MANY do not know about the importance of pubic memory except those who are interested on the subject of history and culture. Whether we are aware about it or not, public memory is so much a part of our identity as a people and even about our land. A good example of this was when the late Councilor Adolfo Balinado bestowed on our city the descriptive title as the “City of Golden Friendship.” This was not given out of fancy thinking but he based it on public memory. Like, we all know that through the years, we are reputed to be open and friendly to visitors in our city. This is different from other places where the people are wary or suspicious of strangers.
A big contributory factor for this is that Cagayan is geographically located on the central coast of Northern Mindanao. During the Spanish colonial period, this was the main transit point of the island for travellers who came from Visayas and Luzon. The inter-island steamers brought them here then they proceeded to other parts of Mindanao. So the Kagay-anons are used to having strangers in town on a regular basis. The word “golden” can mean two things — gold has been present in our land since time immemorial and that the Kagay-anon brand of friendliness is as valuable as their gold.
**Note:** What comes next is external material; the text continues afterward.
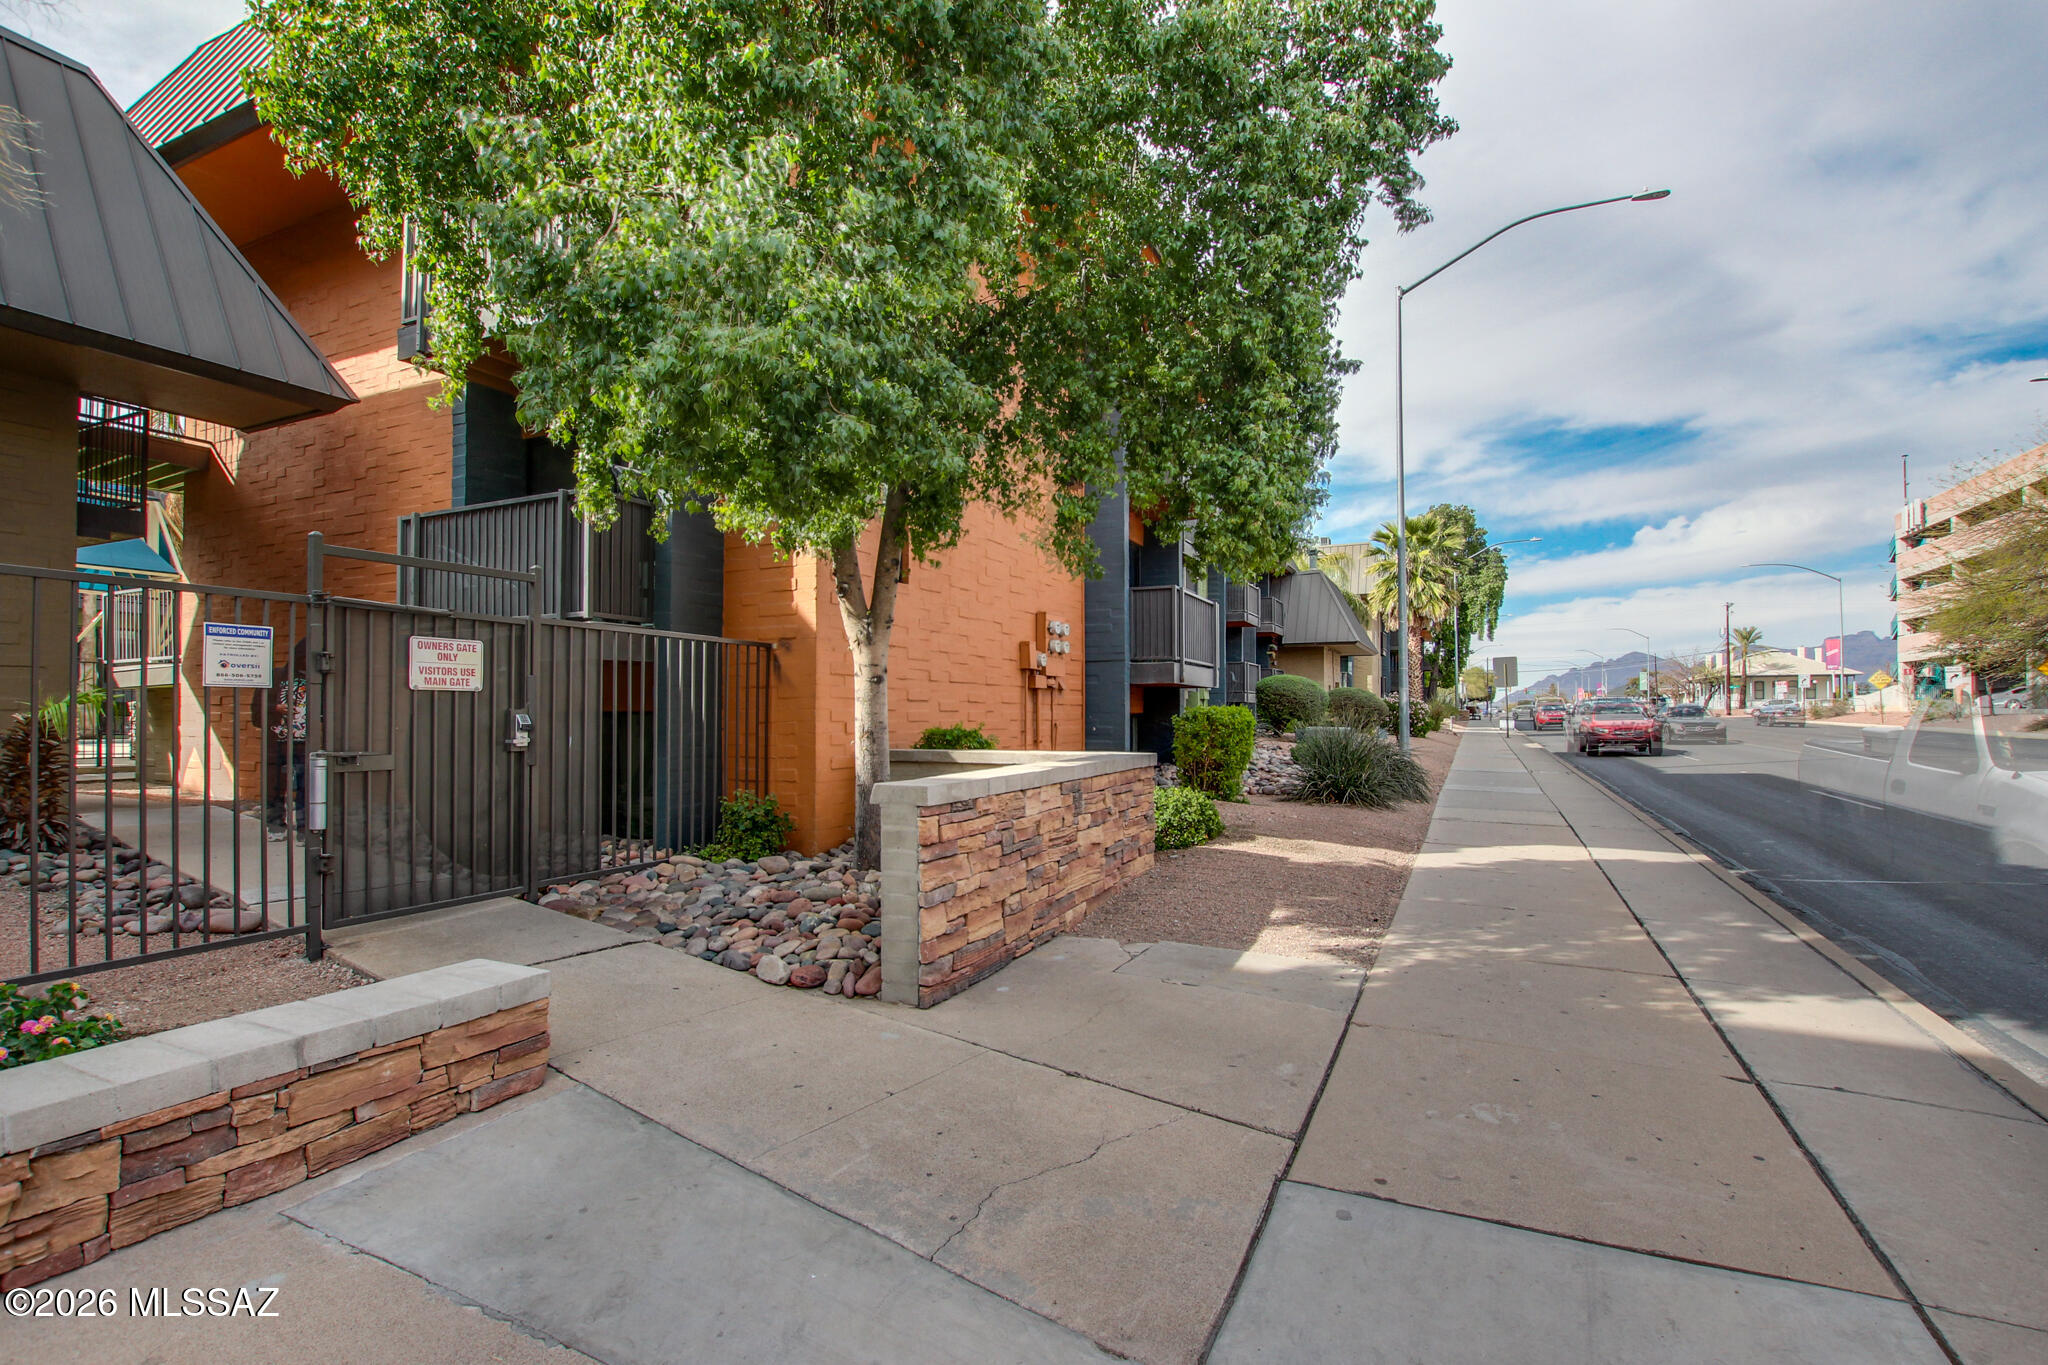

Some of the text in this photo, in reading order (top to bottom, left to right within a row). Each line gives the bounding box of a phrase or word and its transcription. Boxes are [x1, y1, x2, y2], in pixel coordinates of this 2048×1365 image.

Local oral tradition is part of public memory like the old name of Cagayan was “Kalambagohan” — this was because a long time ago, the banks of our river was filled with lambago trees (hibiscus tilaeus). Kalambagohan in Binisaya means the place where lambago trees abound. Now, this is remembered as one of the old street names of our city. There used to be an active group in the city known as the Voice of Kalambagohan Society in the 1960s. I wonder why it was disbanded years later.
Lambago was a kind of a mangrove plant that was endemic to our river. It bore colorful flowers and attracted many fresh water fishes like the pili, balanak and the priceless pigok which is known as the “isda sa mga Kagay-anon.” Today, our river has water lilies that can be a problem in the long run. We need to plant the lambago trees along our banks as a way of reviving our city river.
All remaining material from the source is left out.